### WORK INSTRUCTION
The answer is the data repeated in full, with no pictures included.

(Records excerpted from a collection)
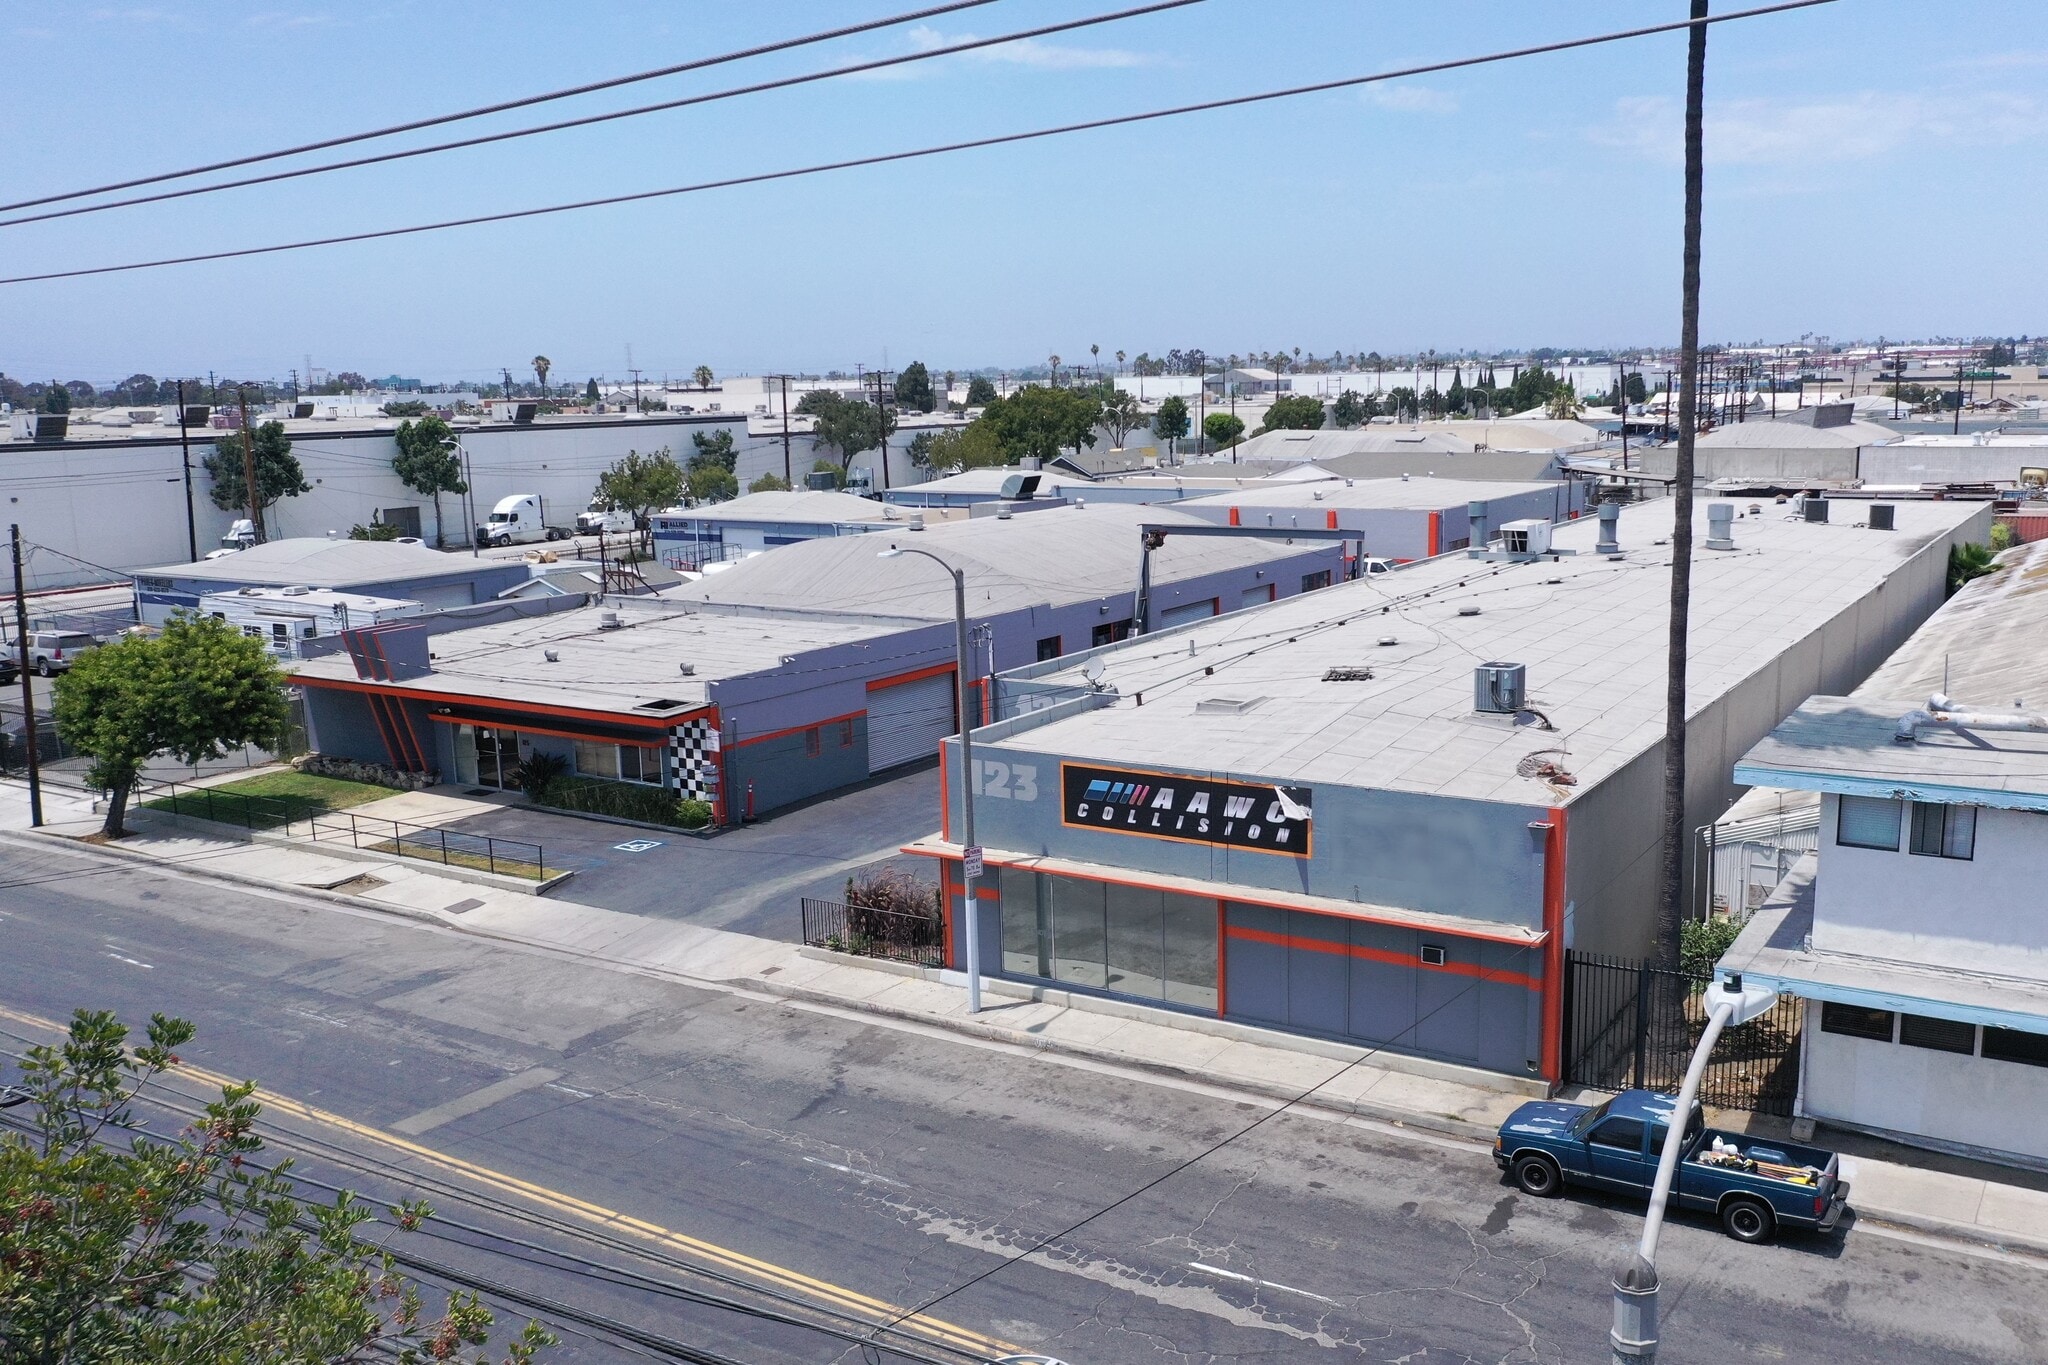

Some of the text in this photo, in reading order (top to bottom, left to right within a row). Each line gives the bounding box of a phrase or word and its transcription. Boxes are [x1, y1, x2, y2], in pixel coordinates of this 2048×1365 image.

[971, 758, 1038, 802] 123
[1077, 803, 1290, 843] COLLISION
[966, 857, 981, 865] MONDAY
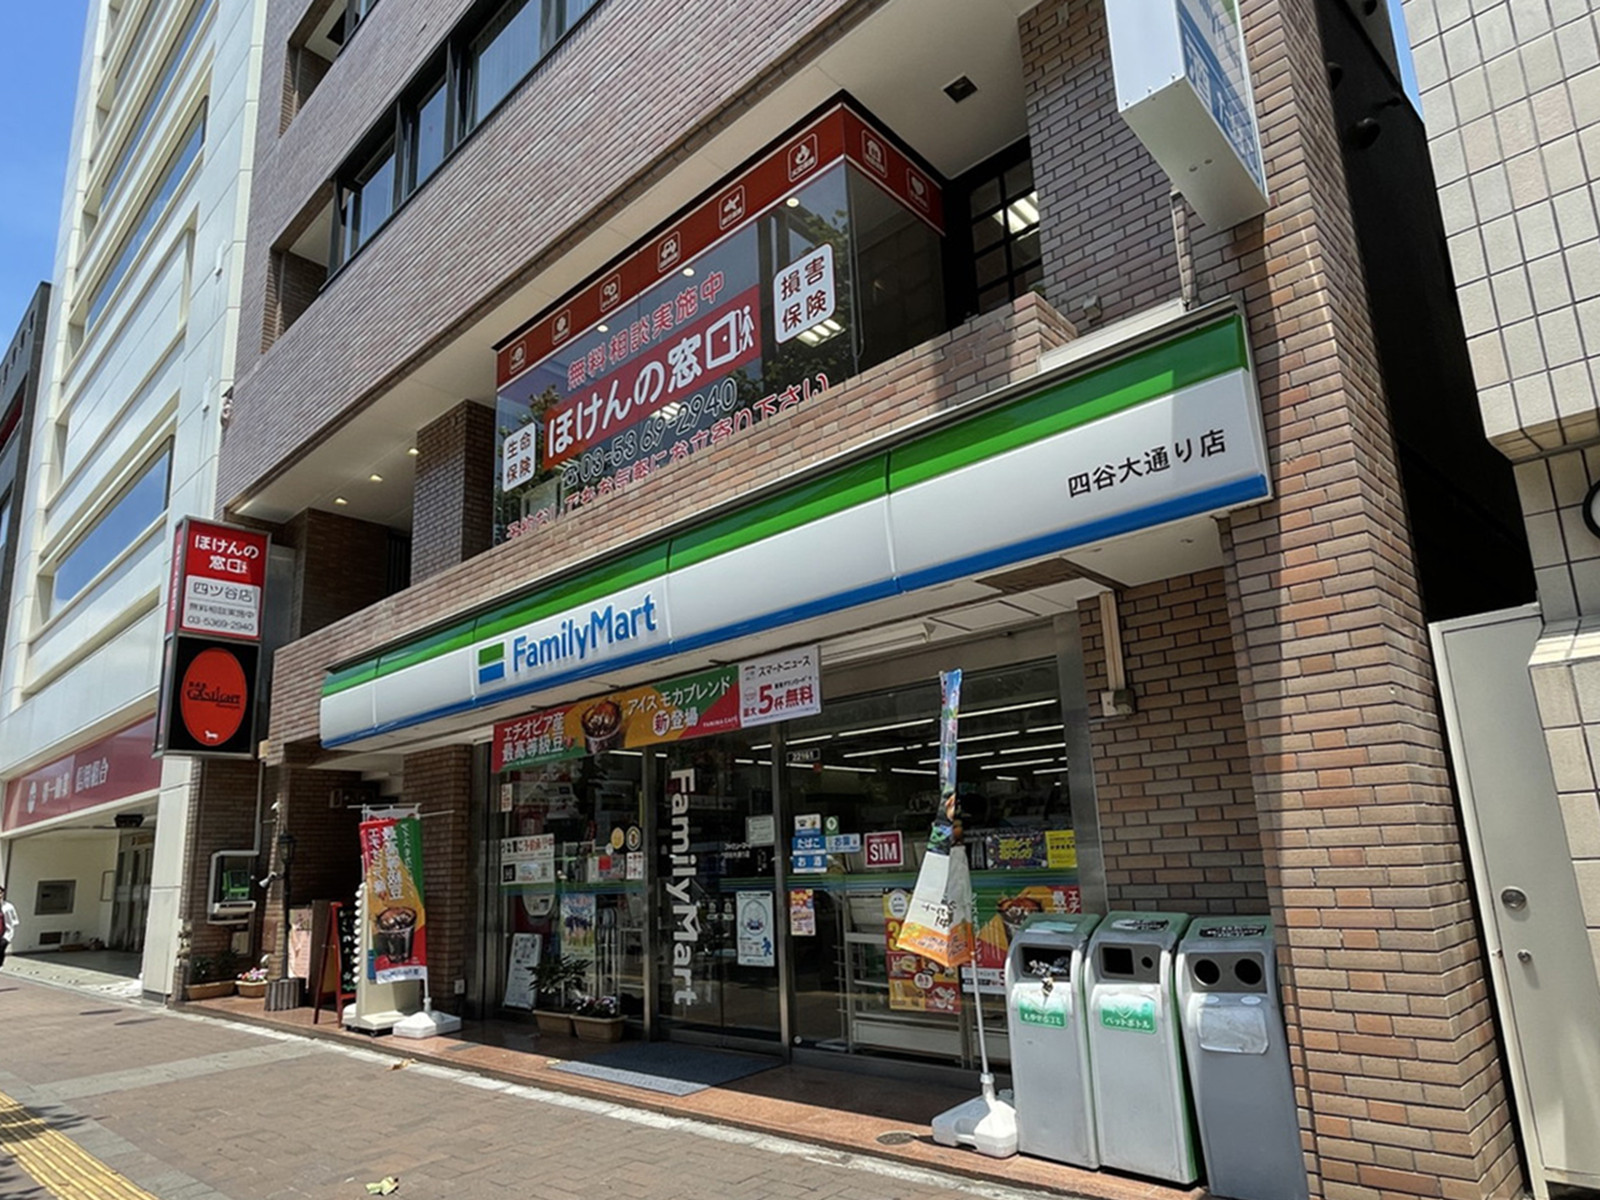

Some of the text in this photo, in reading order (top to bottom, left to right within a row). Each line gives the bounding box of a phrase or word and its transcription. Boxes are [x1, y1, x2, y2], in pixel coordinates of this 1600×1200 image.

### ANSWER AREA
Some of the text in this photo, in reading order (top to bottom, left to right within a row). Each line gives the bounding box of a phrase or word and its transcription. Boxes are [x1, y1, x2, y2], in pixel coordinates of this 2048×1365 image.

[971, 758, 1038, 802] 123
[1077, 803, 1290, 843] COLLISION
[966, 857, 981, 865] MONDAY

Some of the text in this photo, in reading order (top to bottom, left to right within a row). Each line gives the bounding box of a phrase or word and its transcription. Boxes are [x1, y1, x2, y2], in pixel coordinates of this 1600×1200 image.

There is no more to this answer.